>>>>>

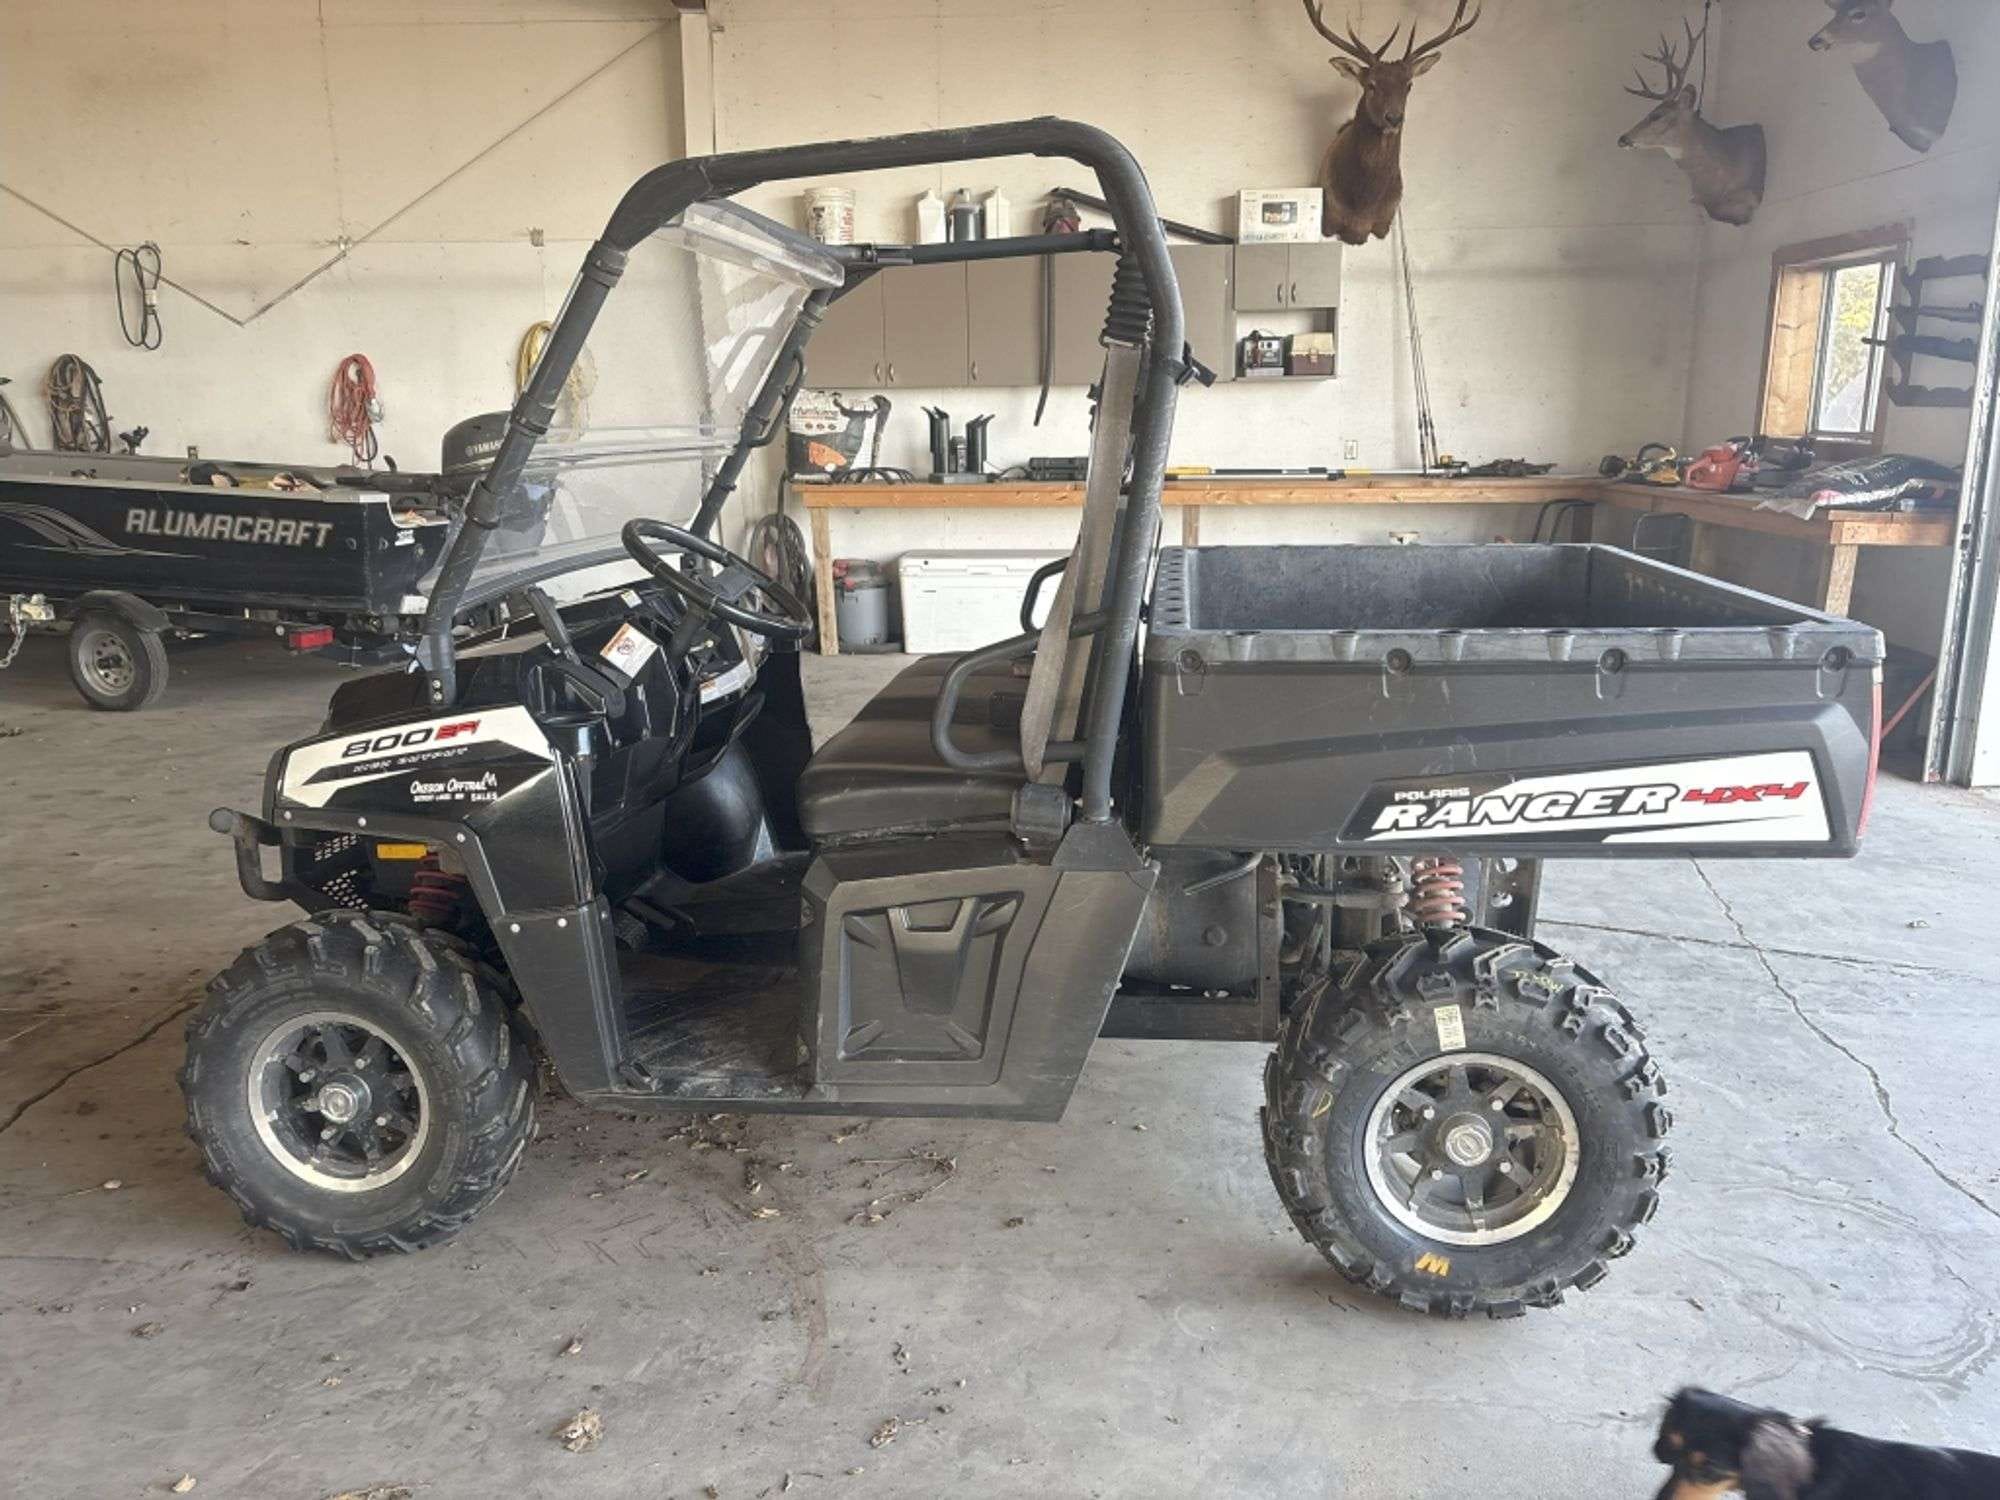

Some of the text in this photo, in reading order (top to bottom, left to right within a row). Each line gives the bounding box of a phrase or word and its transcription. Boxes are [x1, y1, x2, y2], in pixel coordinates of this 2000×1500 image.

[125, 508, 333, 548] ALUMACRAFT
[342, 728, 434, 759] 800
[1370, 783, 1681, 831] RANGER
[1394, 787, 1470, 802] POLARIS
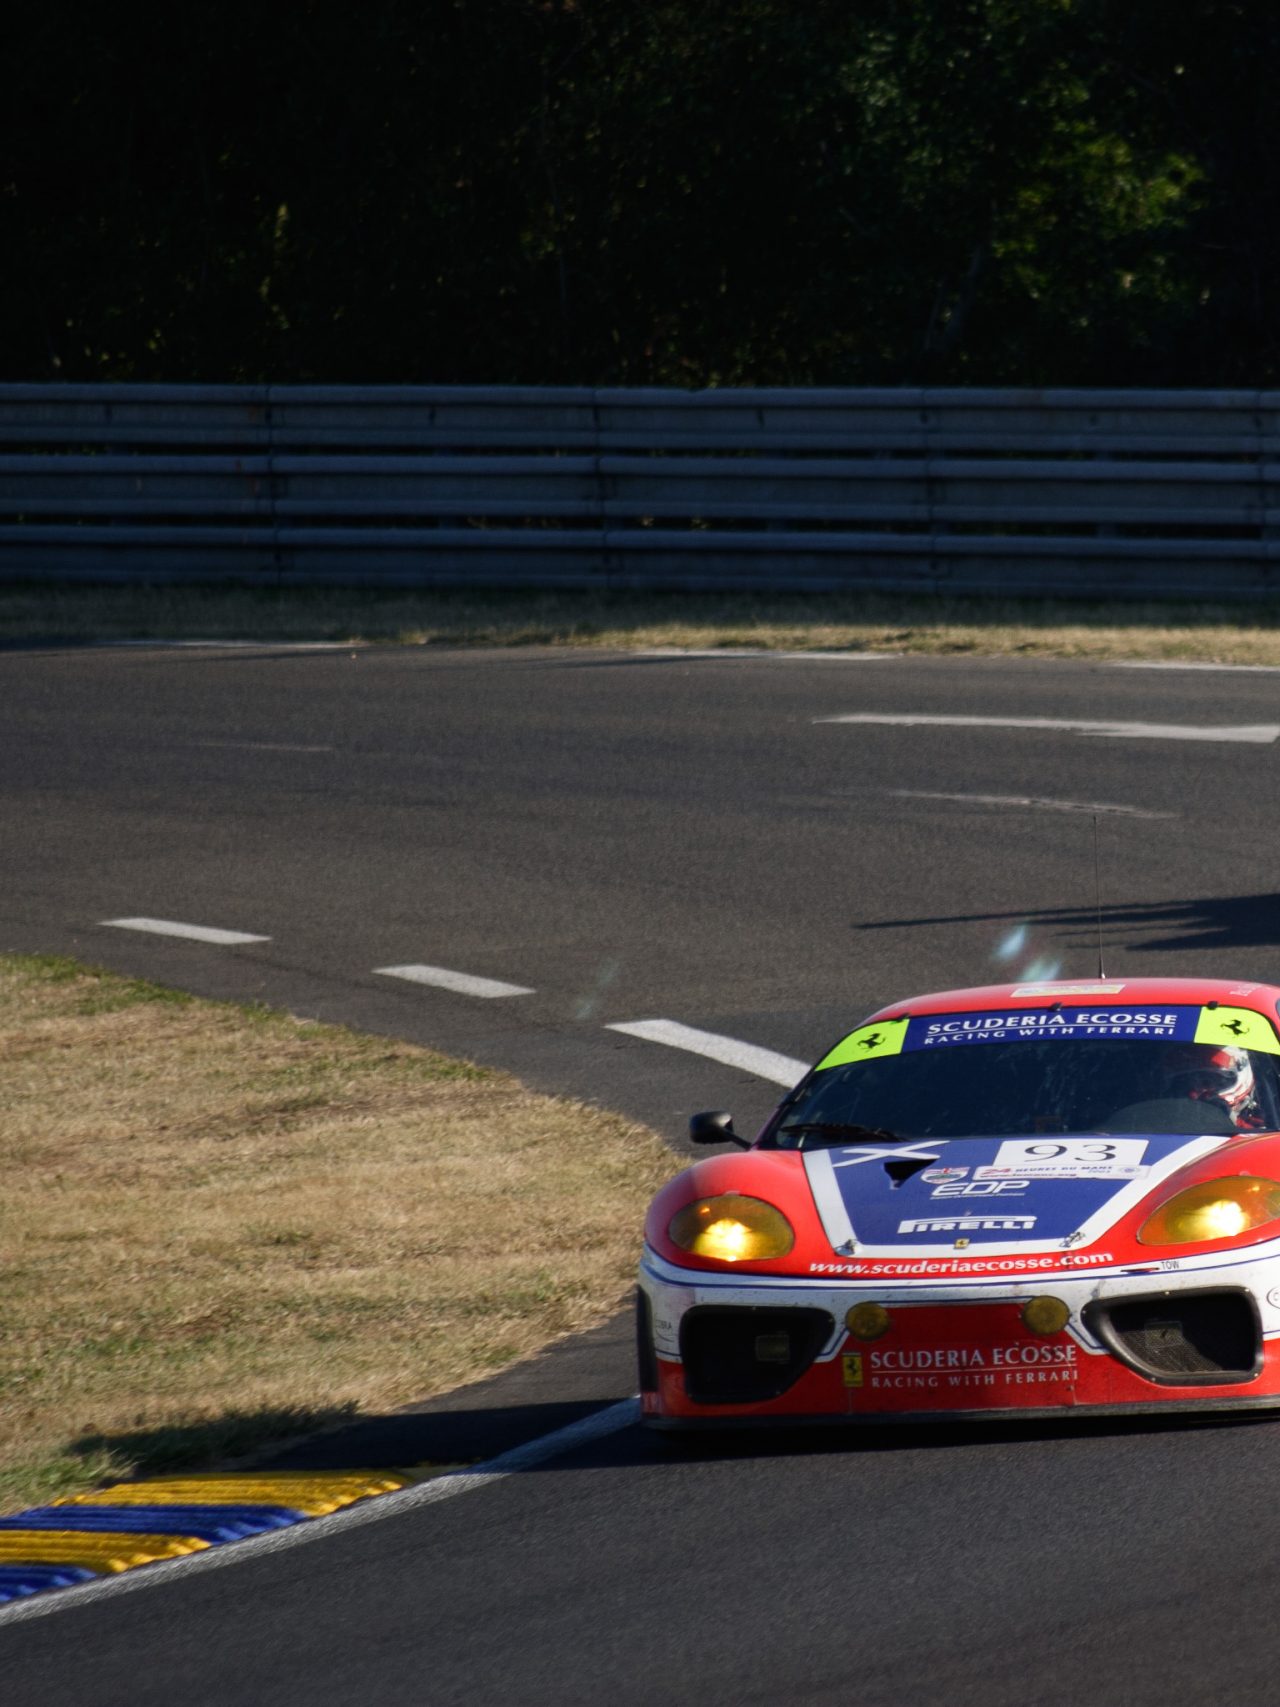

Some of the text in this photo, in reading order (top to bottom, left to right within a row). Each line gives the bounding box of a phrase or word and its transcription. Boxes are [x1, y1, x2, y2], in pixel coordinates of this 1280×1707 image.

<<<<<

* [Your instructions]:
Your response must consist of the material above, reproduced word for word, with the images omitted.

* [Reply to the exercise]:
Some of the text in this photo, in reading order (top to bottom, left to right within a row). Each line gives the bounding box of a phrase or word and its transcription. Boxes are [x1, y1, x2, y2], in pixel coordinates of this 2000×1500 image.

[125, 508, 333, 548] ALUMACRAFT
[342, 728, 434, 759] 800
[1370, 783, 1681, 831] RANGER
[1394, 787, 1470, 802] POLARIS

Some of the text in this photo, in reading order (top to bottom, left to right within a row). Each line gives the bounding box of a phrase or word and its transcription. Boxes are [x1, y1, x2, y2], in pixel coordinates of this 1280×1707 image.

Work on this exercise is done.